Assignment
A faithful copy of each entry below is expected, with the images removed.
=== Begin Enclosure ===
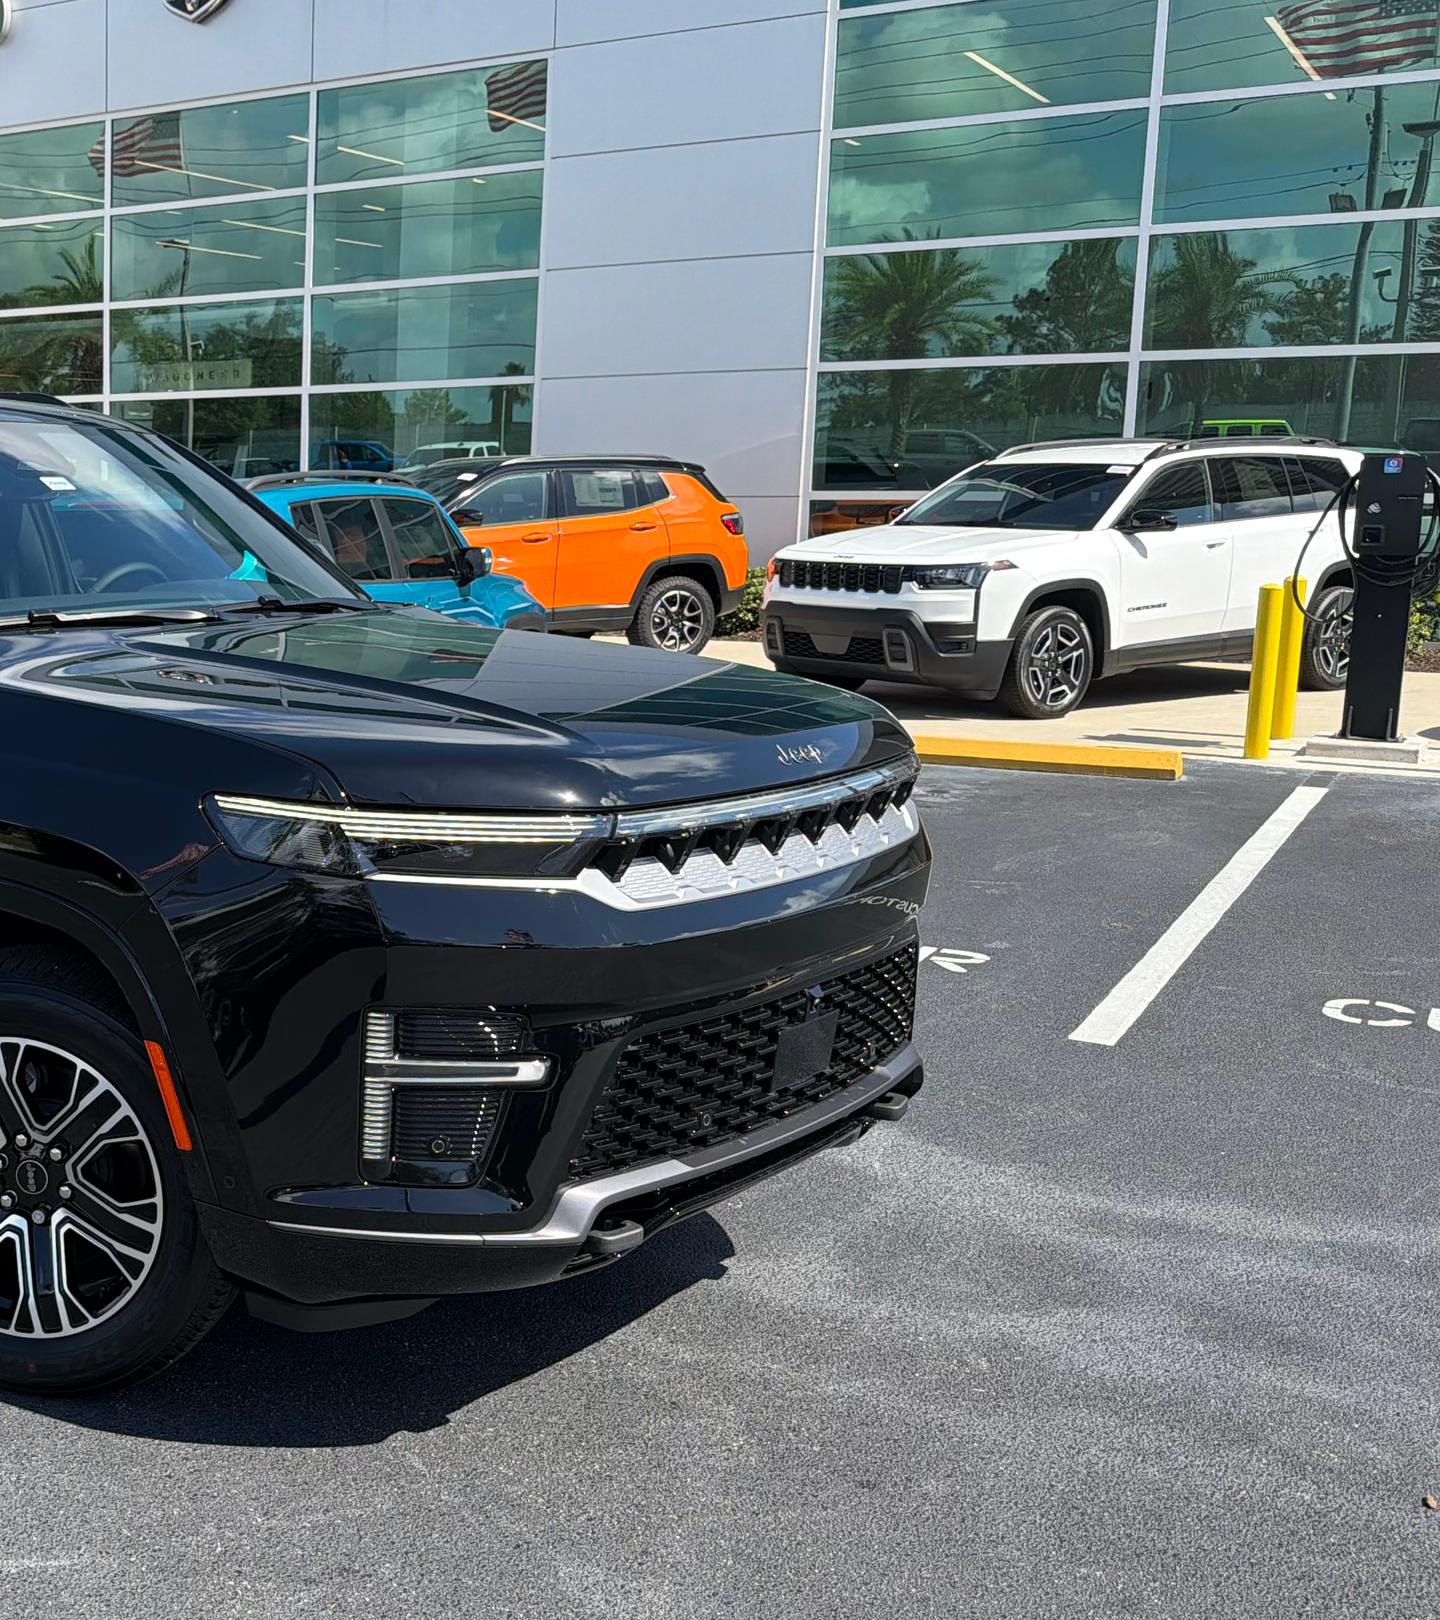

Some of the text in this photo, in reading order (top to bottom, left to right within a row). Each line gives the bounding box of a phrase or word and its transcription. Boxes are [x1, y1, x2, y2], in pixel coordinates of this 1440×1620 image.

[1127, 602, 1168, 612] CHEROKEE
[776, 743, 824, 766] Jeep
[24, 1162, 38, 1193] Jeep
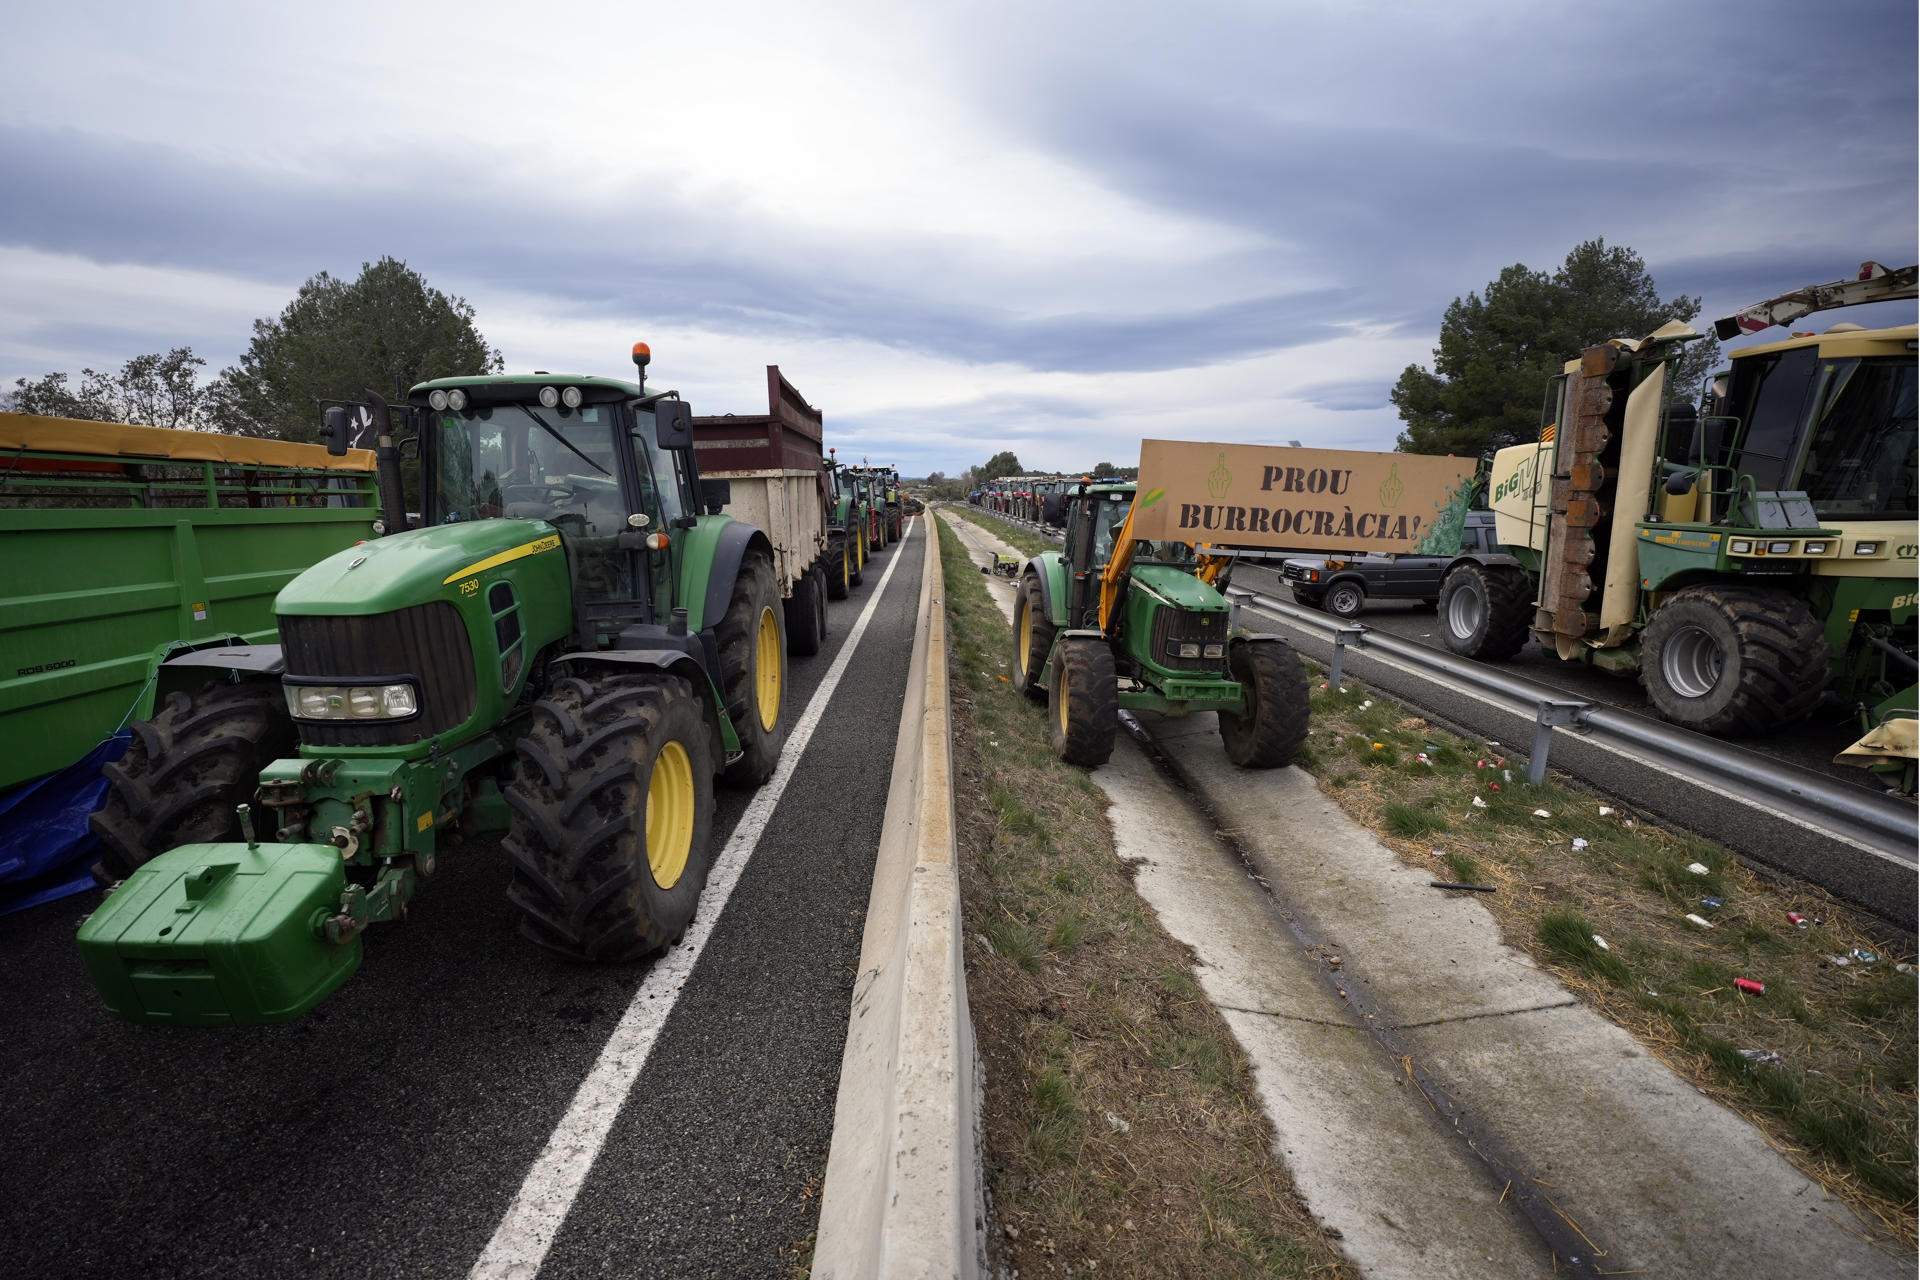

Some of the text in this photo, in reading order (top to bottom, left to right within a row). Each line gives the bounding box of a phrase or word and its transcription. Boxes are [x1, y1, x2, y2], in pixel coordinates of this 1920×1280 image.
=== End Enclosure ===
Exercise answer
Some of the text in this photo, in reading order (top to bottom, left to right within a row). Each line gives the bounding box of a phrase or word and its transcription. Boxes are [x1, y1, x2, y2], in pixel coordinates of this 1440×1620 image.

[1127, 602, 1168, 612] CHEROKEE
[776, 743, 824, 766] Jeep
[24, 1162, 38, 1193] Jeep

Some of the text in this photo, in reading order (top to bottom, left to right within a row). Each line gives the bounding box of a phrase or word and its transcription. Boxes are [x1, y1, x2, y2], in pixel coordinates of this 1920×1280 image.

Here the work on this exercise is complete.